Rights. This week, the right to “free”contraception has been the big news. That discussion assumes the right to have sex any time we want to and with whomever we want. Of course, men have exercised these rights since the beginning of time, and women, till the 20th century, were left to worry about (or not) pregnancy among themselves.
Americans are very keen on rights. We began our nationhood seeking the right to worship freely—as long as that worship was Christian and Protestant. Soon after we set our sights on that elusive “pursuit of happiness,” which quickly developed into the right to make as much money as possible, heedless of harm, and invent lots of new things to buy with it. For a century or more, that right was restricted to white men of a certain class. Granted, a relative few from the lower classes did manage to accumulate enormous wealth.
Then came the 20th Century. Women first began to demand to share rights with men.

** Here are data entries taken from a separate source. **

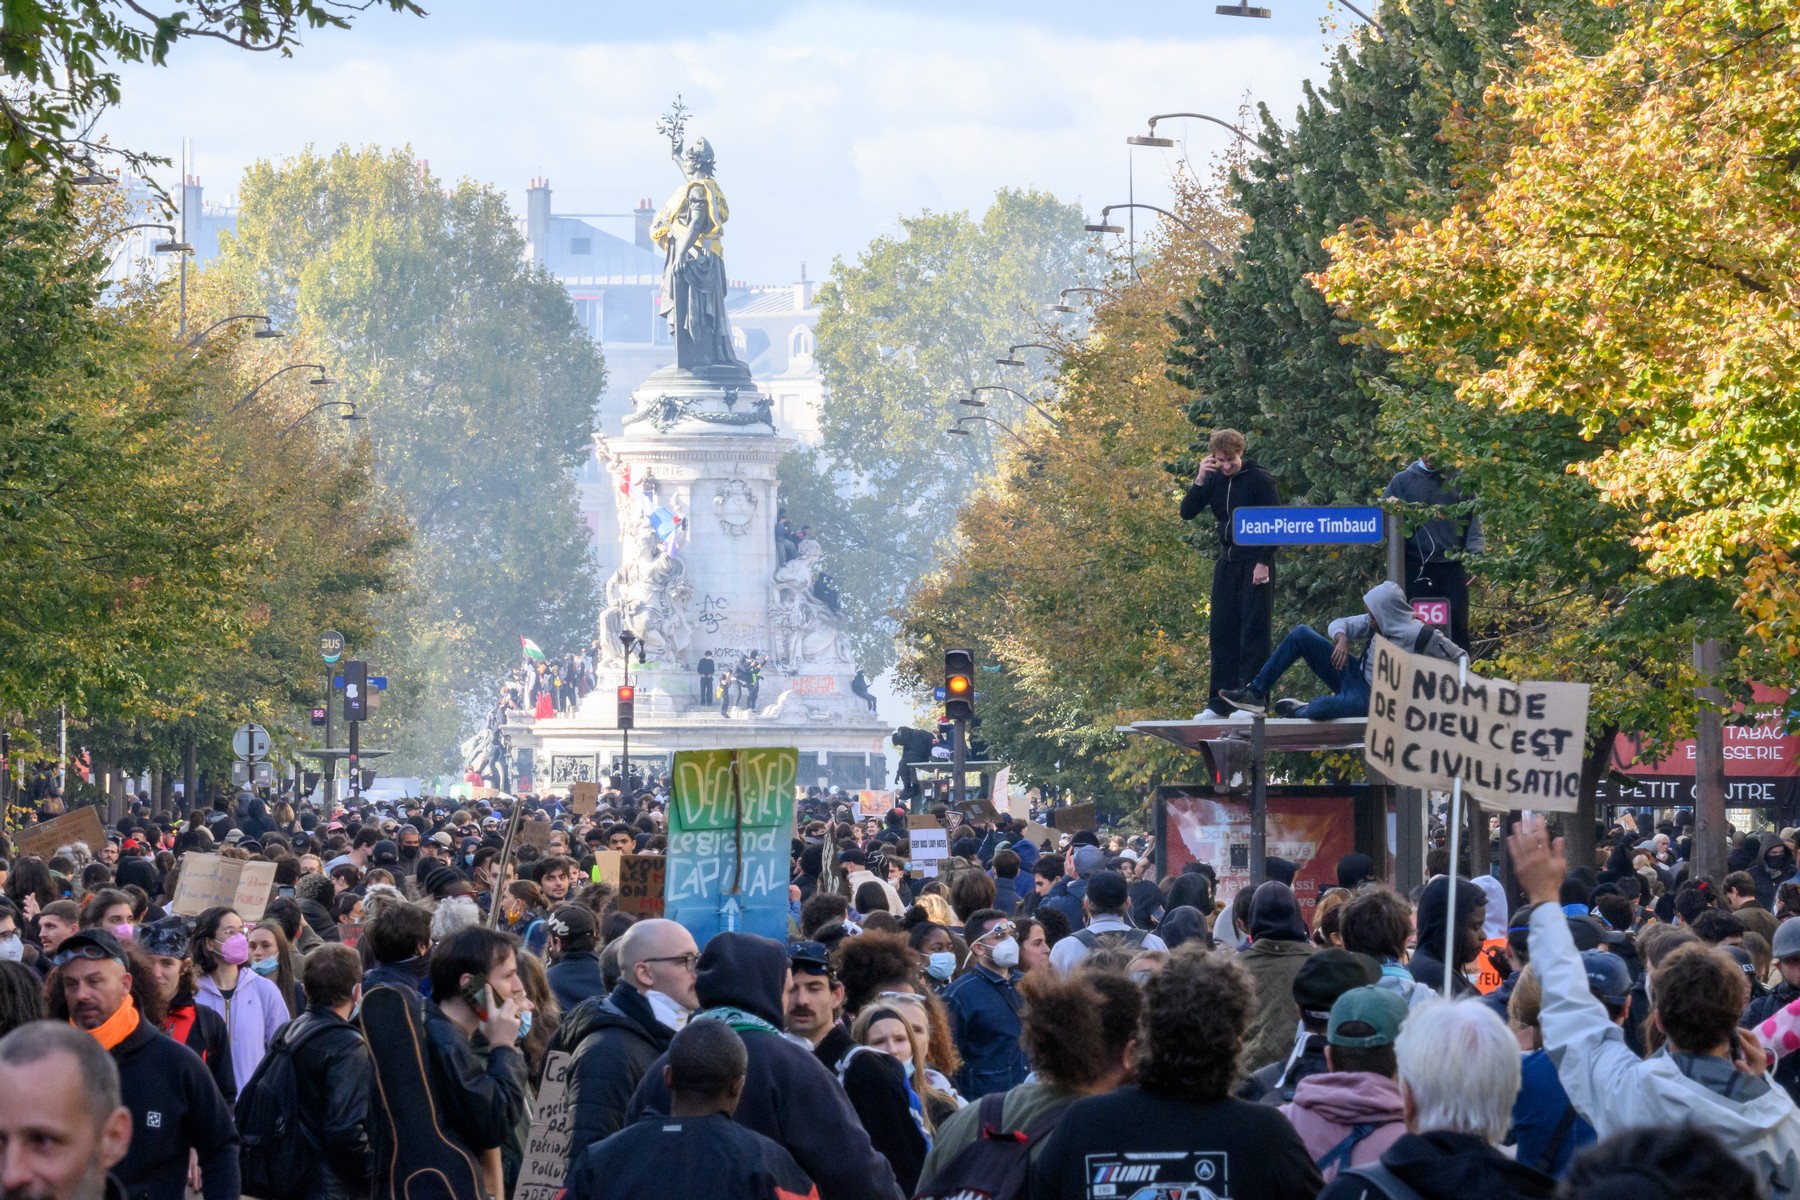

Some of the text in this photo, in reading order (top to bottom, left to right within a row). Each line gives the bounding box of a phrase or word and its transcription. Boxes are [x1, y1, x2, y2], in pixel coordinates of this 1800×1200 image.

[1240, 517, 1376, 534] Jean-Pierre Timbaud
[1417, 604, 1444, 624] 56
[321, 639, 340, 649] BUS
[1377, 649, 1546, 720] AU NOM DE
[313, 710, 324, 718] 56
[1375, 691, 1396, 722] DE
[1405, 705, 1480, 745] DIEU
[1489, 722, 1573, 757] C'EST
[1726, 725, 1784, 740] TABAC
[1686, 745, 1784, 760] BSSERIE
[1370, 729, 1394, 768] LA
[1402, 743, 1579, 798] CIVILISATIO
[1201, 829, 1250, 842] banqu
[625, 859, 665, 871] VOU
[1109, 1165, 1161, 1182] LIMIT

After World War II the right to wealth expanded to all white people. In the 60s people of color came to the table. Now an entire nation seems to agree to the universal right to obtain, have and do anything and everything–without cost if we can possibly find someone else to pay for it.

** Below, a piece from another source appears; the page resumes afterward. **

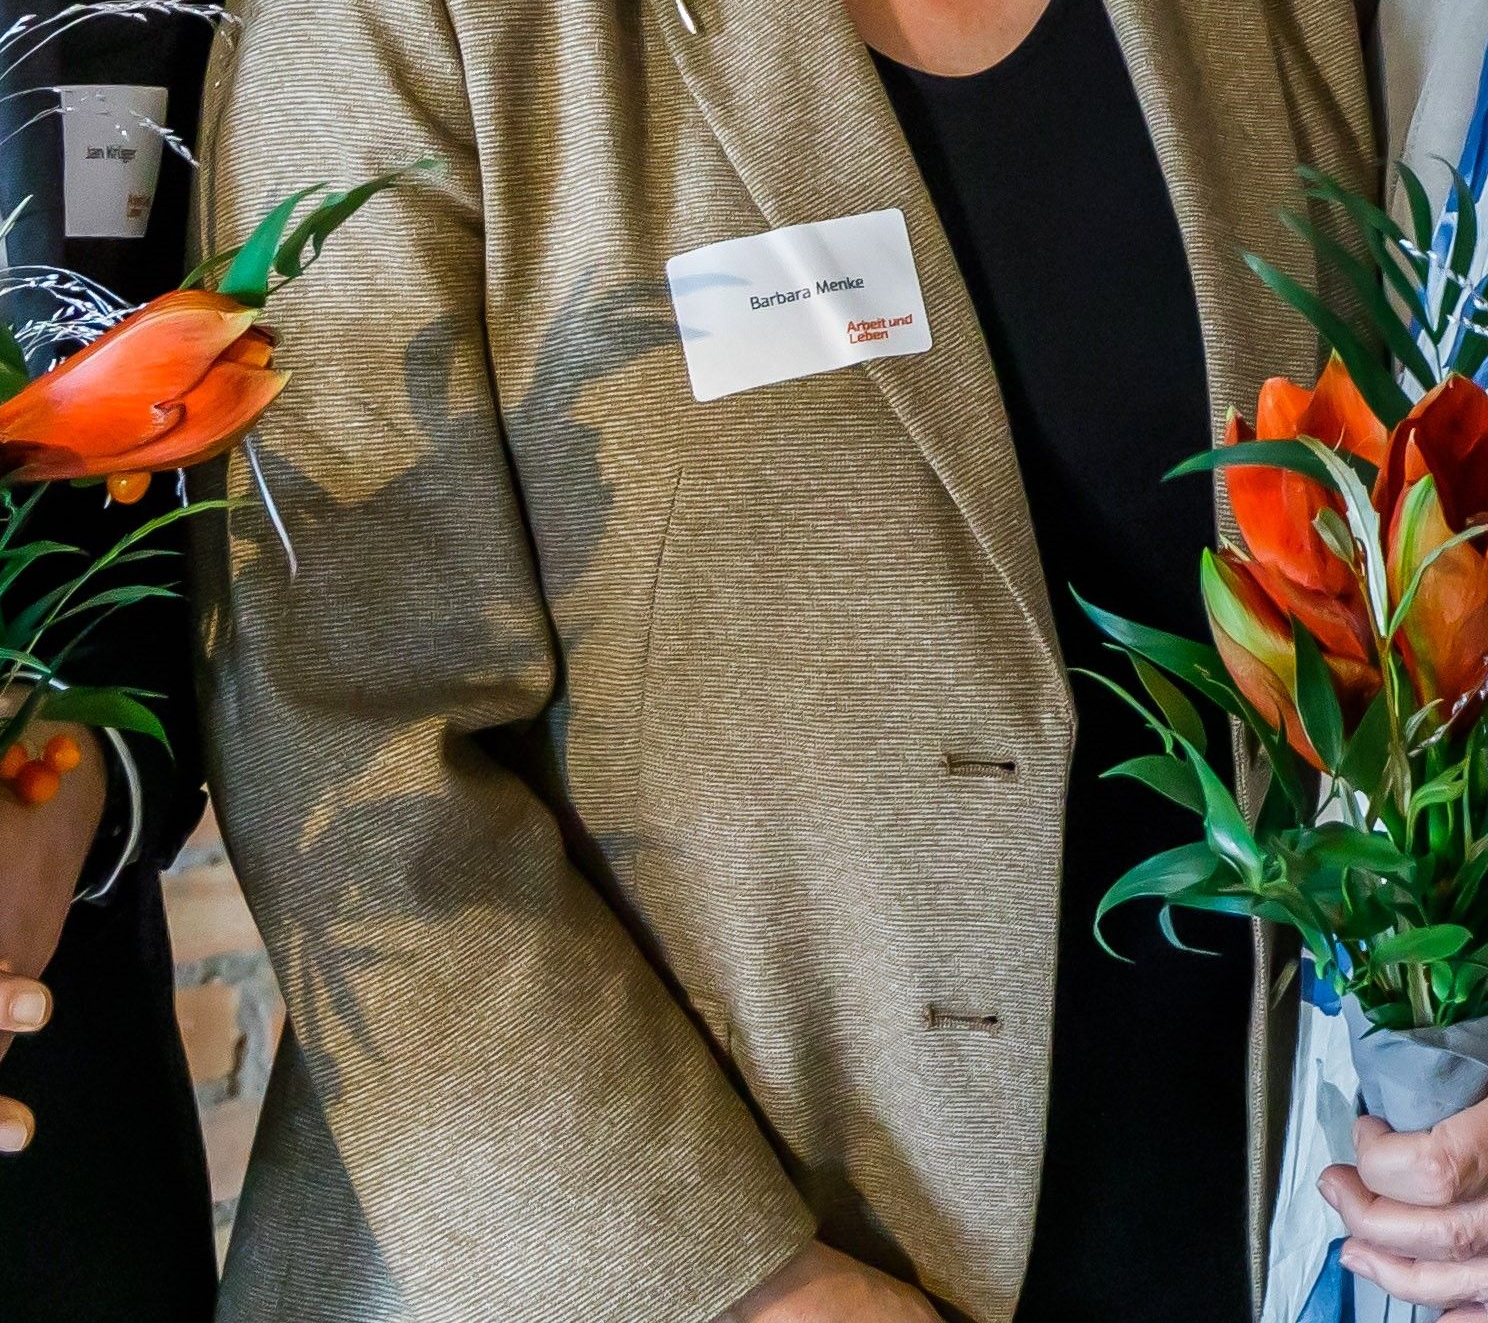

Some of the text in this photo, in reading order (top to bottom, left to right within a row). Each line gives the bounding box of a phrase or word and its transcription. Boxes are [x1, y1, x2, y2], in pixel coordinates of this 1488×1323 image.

I don’t question that rights, if we must have them, should be shared among us all. What I question is whether or not rights are rooted in any kind of reality simply because we declare that they exist. I find no concept of rights in the gospels, virtually none in the entire New Testament, and absolutely none in my own experience of God. All is grace. Our flawed economies inevitably collapse, always because too many insist on too much. On smaller scales it happens all the time…and somehow, in some way grace covers the collapse. Who among us doesn’t have a story about such a transformation?
What if we lay aside our rights and siezed on grace? Even if only people of faith—those of us who claim to believe it—moved toward an economy of grace, gave up our rights and rediscovered love in service? Of course billions of people doing just that, at least to one degree or another, and that commitment to reality is what holds our society together, in spite of the prevailing struggles over rights. All is grace. If that is true, rights are a puny placebo for every ill, real or imagined. In America. In the Middle East. In our workplaces, schools, and places of worship. In our homes. Even in our bedrooms.
All is grace.
Ric — You might enjoy Kathryn Tanner’s book Economy of Grace.